Information supplied »
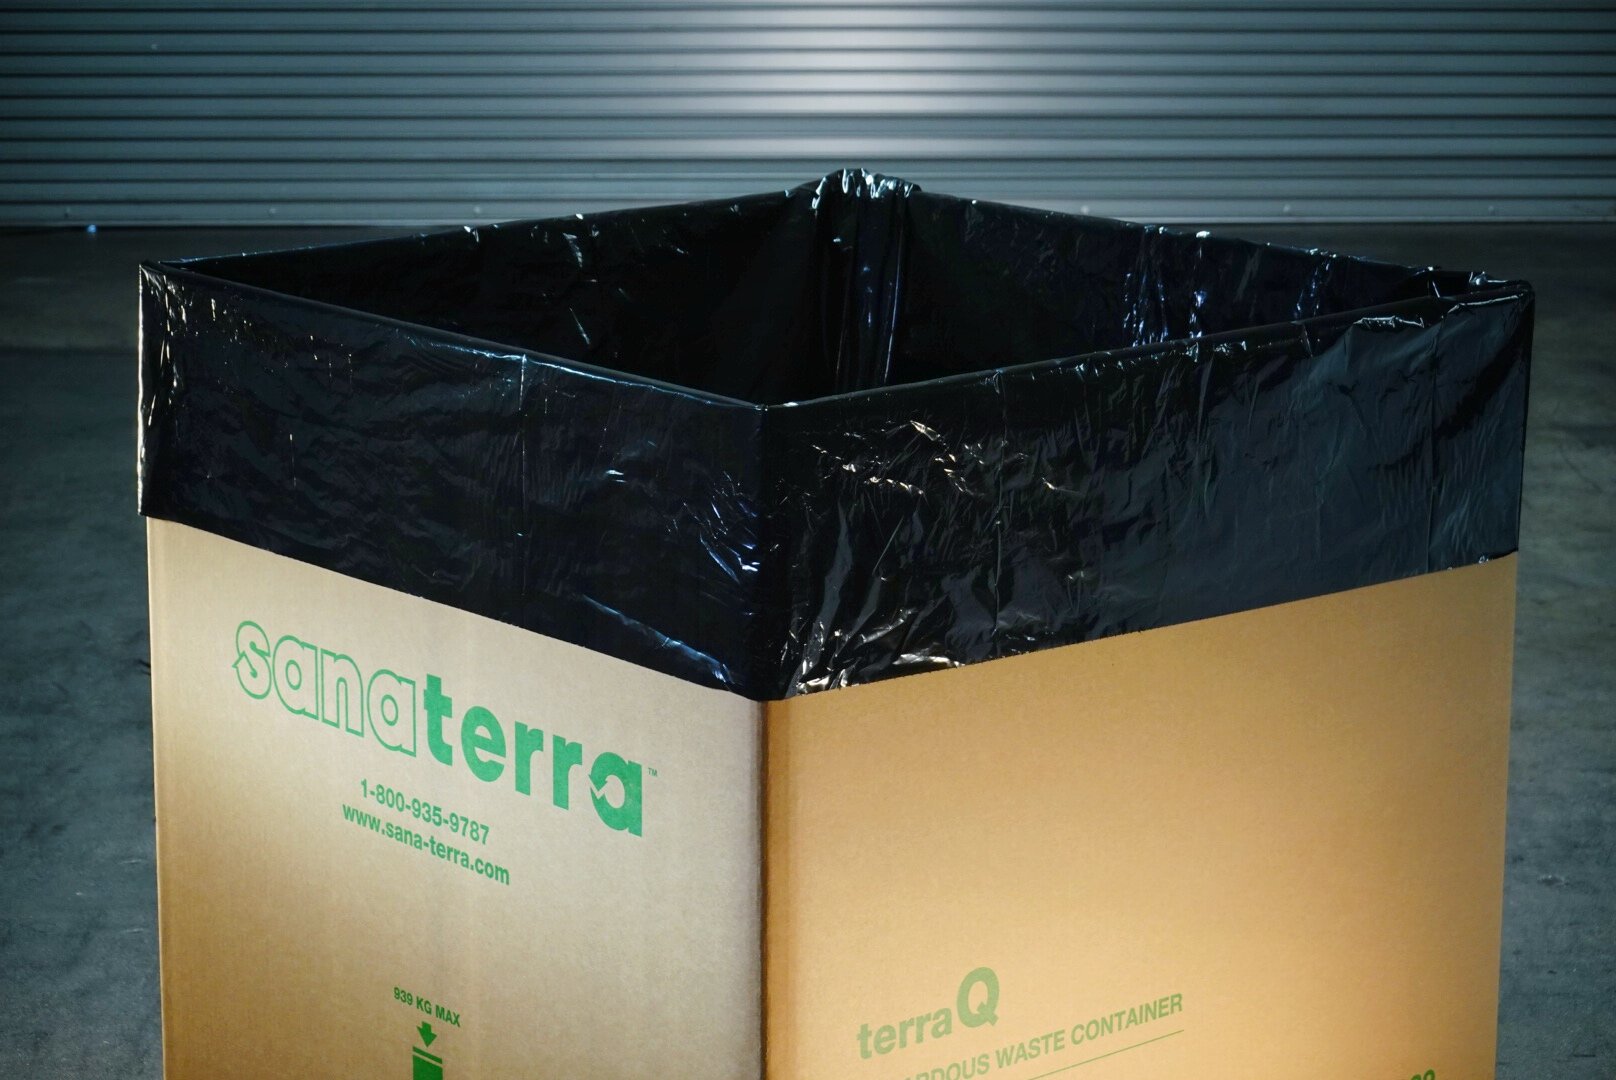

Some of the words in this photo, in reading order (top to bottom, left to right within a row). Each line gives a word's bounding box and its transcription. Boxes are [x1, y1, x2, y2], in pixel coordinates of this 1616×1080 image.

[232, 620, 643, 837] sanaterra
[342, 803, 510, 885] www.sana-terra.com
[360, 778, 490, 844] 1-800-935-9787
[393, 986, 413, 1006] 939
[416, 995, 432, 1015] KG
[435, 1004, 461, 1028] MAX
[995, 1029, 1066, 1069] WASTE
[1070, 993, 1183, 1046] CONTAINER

Work order » Would you set down every line of the data above exactly, skipping the pictures?

Output of the task »
Some of the words in this photo, in reading order (top to bottom, left to right within a row). Each line gives a word's bounding box and its transcription. Boxes are [x1, y1, x2, y2], in pixel coordinates of this 1616×1080 image.

[232, 620, 643, 837] sanaterra
[342, 803, 510, 885] www.sana-terra.com
[360, 778, 490, 844] 1-800-935-9787
[393, 986, 413, 1006] 939
[416, 995, 432, 1015] KG
[435, 1004, 461, 1028] MAX
[995, 1029, 1066, 1069] WASTE
[1070, 993, 1183, 1046] CONTAINER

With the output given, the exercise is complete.